Salud bucal: la importancia del hilo dental

Muchas personas se preguntan cuán importante es limpiarse los dientes con hilo dental

Según las indicaciones de informes recientes, es mucho más importante que cepillarse los dientes; vamos a ver por qué. Es cierto que hay quienes afirman que la comida nunca se queda entre los dientes con la excusa de no usar el hilo dental, ya que la placa aparece en nuestras bocas y el hilo dental puede limpiarla.
El hilo dental llega a los huecos a los que no llega un cepillo normal y elimina los restos de comida y placa entre los dientes y debajo de la encía, previniendo enfermedades de las encías. La placa es una sustancia constituida por bacterias que podría desarrollarse entre los dientes y, consecuentemente, irritar las encías y provocar sangrado en la boca.

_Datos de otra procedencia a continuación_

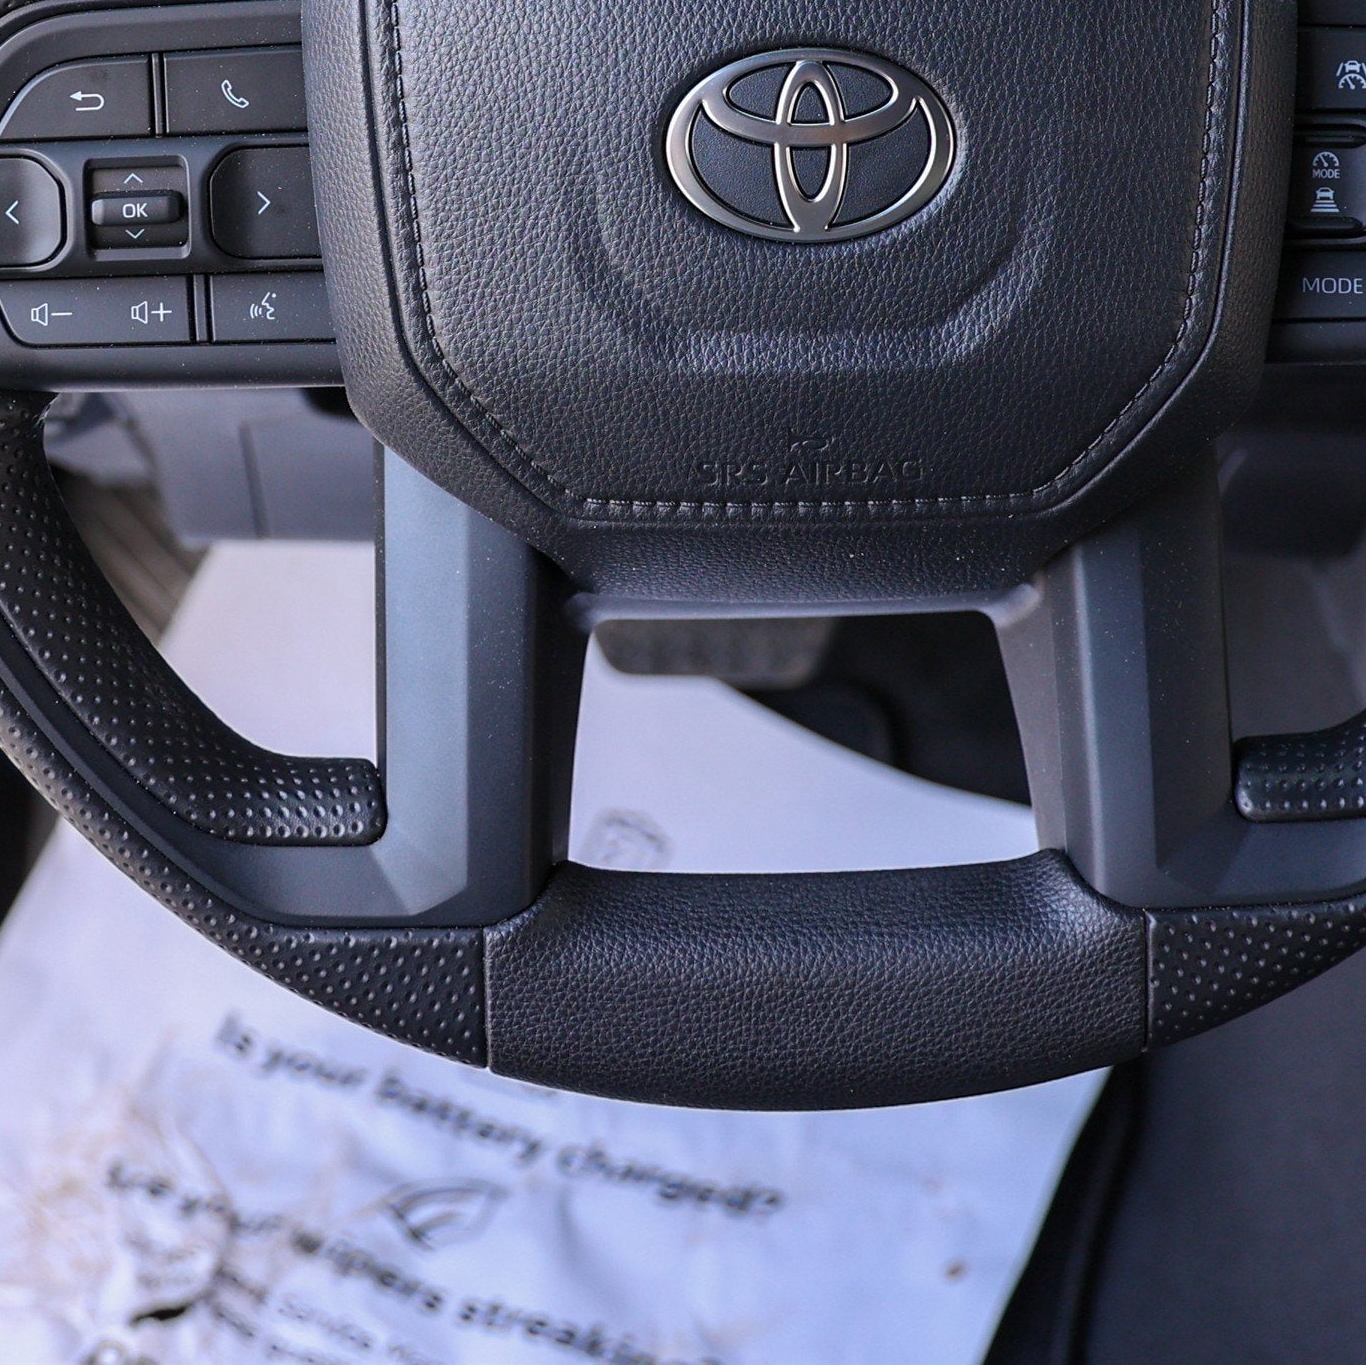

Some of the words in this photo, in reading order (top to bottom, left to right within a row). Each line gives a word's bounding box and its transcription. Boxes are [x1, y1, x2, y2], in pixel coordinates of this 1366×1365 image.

Buenas noticias: las enfermedades de las encías se pueden prevenir

Si prestamos atención a nuestra higiene dental cada día (cepillándonos los dientes y utilizando el hilo dental) y nos hacemos una o dos limpiezas bucales en el dentista al año, podría ser suficiente para prevenir enfermedades de las encías e, incluso, para mejorar el estado de estas porque, en ciertos casos, se pueden mantener nuestros propios dientes durante más tiempo.

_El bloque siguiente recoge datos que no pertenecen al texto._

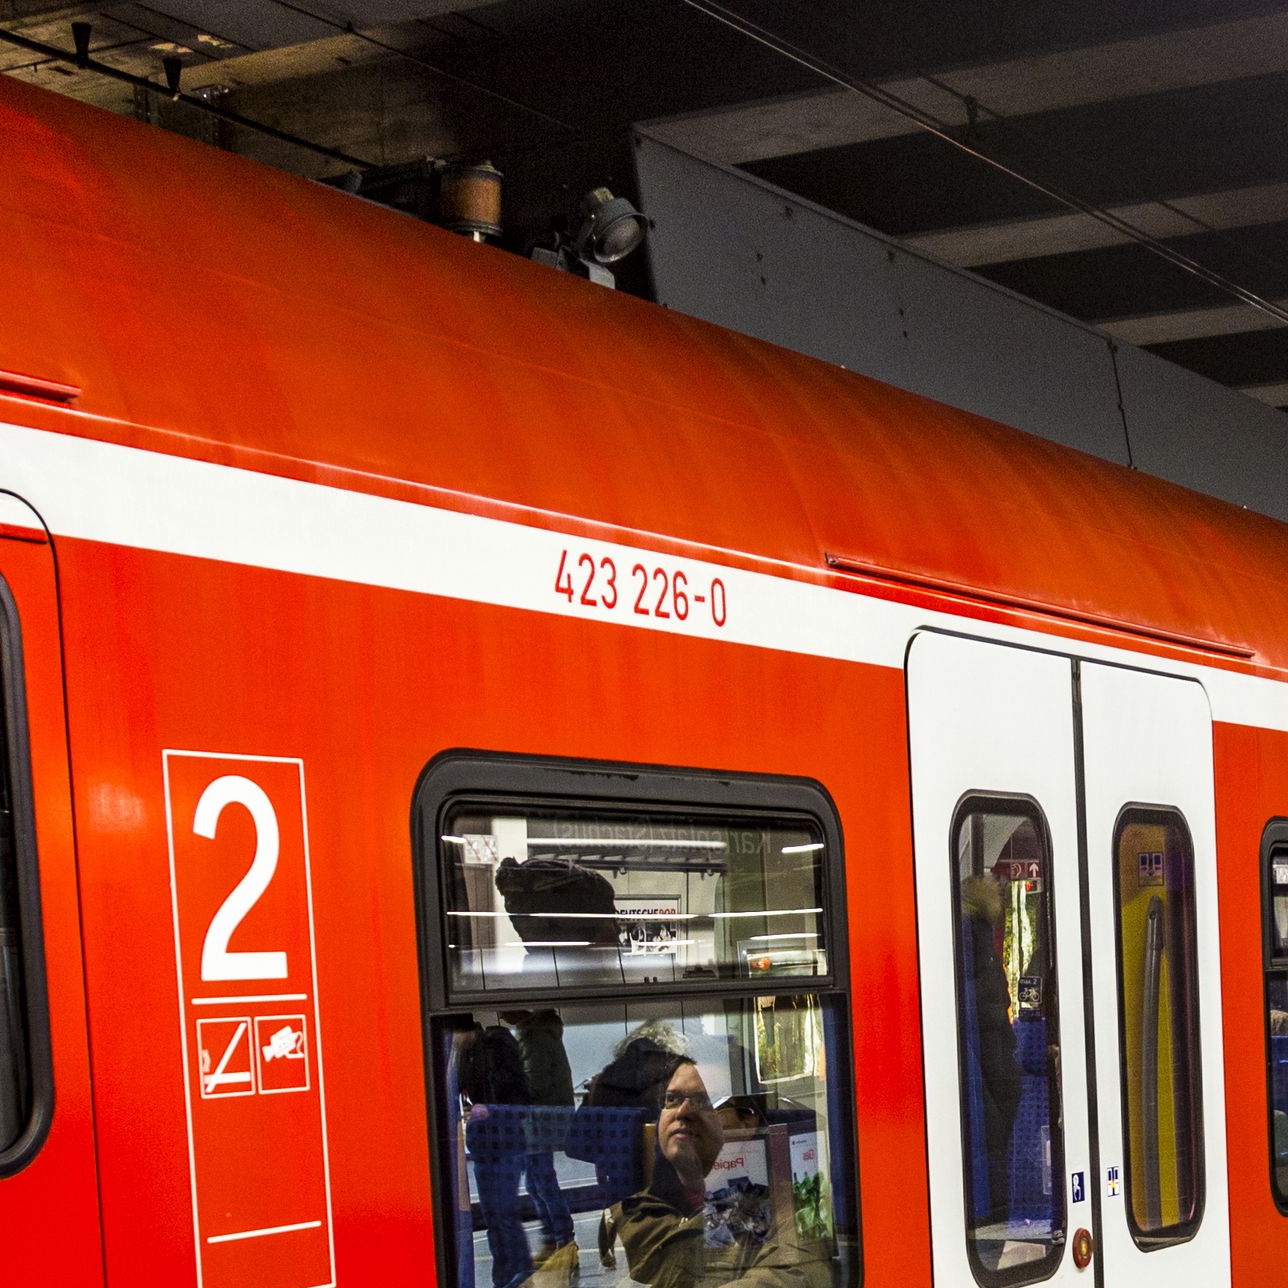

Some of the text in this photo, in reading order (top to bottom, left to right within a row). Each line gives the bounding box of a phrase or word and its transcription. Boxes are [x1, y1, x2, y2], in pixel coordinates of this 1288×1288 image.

[554, 549, 727, 628] 423 226-0
[192, 774, 289, 982] 2

Recomendaciones de cómo usar bien el hilo dental

El hilo dental es un hilo fino y suave de nylon o plástico que quita la comida y la placa que se queda o se crea entre los dientes. Algunas personas prefieren seda o cinta dental, que es más ancha que el hilo y más sencilla de utilizar. Aunque se recomienda el hilo dental, es cierto que un mal uso podría dañar las encías. Por ello, deberías seguir la recomendación de tu dentista sobre cómo usarlo. Estos consejos también pueden servirte de ayuda:

  1. Corta un hilo de 45cm y enróllalo alrededor del dedo corazón de cada mano.Hilo dental - higiene bucal
  2. Mantén el hilo con el dedo pulgar y el índice de cada mano para que puedas introducir el hilo en el hueco que hay entre los dientes. Con cuidado, guía el hilo dental entre los dientes usando un movimiento de sierra suave. No lleves el hilo dental de forma brusca hacia las encías, puesto que puedes hacer que sangren.
  3. Cuando llegues a la línea de la encía, haz una curva en forma de C y deslízalo por el espacio entre la encía y el diente hasta que sientas resistencia.
  4. Mantén el hilo contra el diente. Con cuidado, raspa ese lado del diente y aleja el hilo de la encía. Realiza la misma acción por la otra parte del diente.
  5. Repite la misma técnica en el siguiente hueco y así sucesivamente hasta que completes todas las piezas bucales.
  6. No te olvides de los molares, los dientes que están al fondo de la boca.

Es importante tener mucho cuidado cuando limpiemos los bordes de las coronas, los puentes o los implantes. Quizás sea una buena idea pedir consejo a tu dentista para utilizar el hilo dental correctamente.
Un último consejo: intenta llevar un orden cuando uses el hilo dental para que no te olvides de ningún diente.

Sigue usando el hilo dental y ¡cuida tu salud bucal!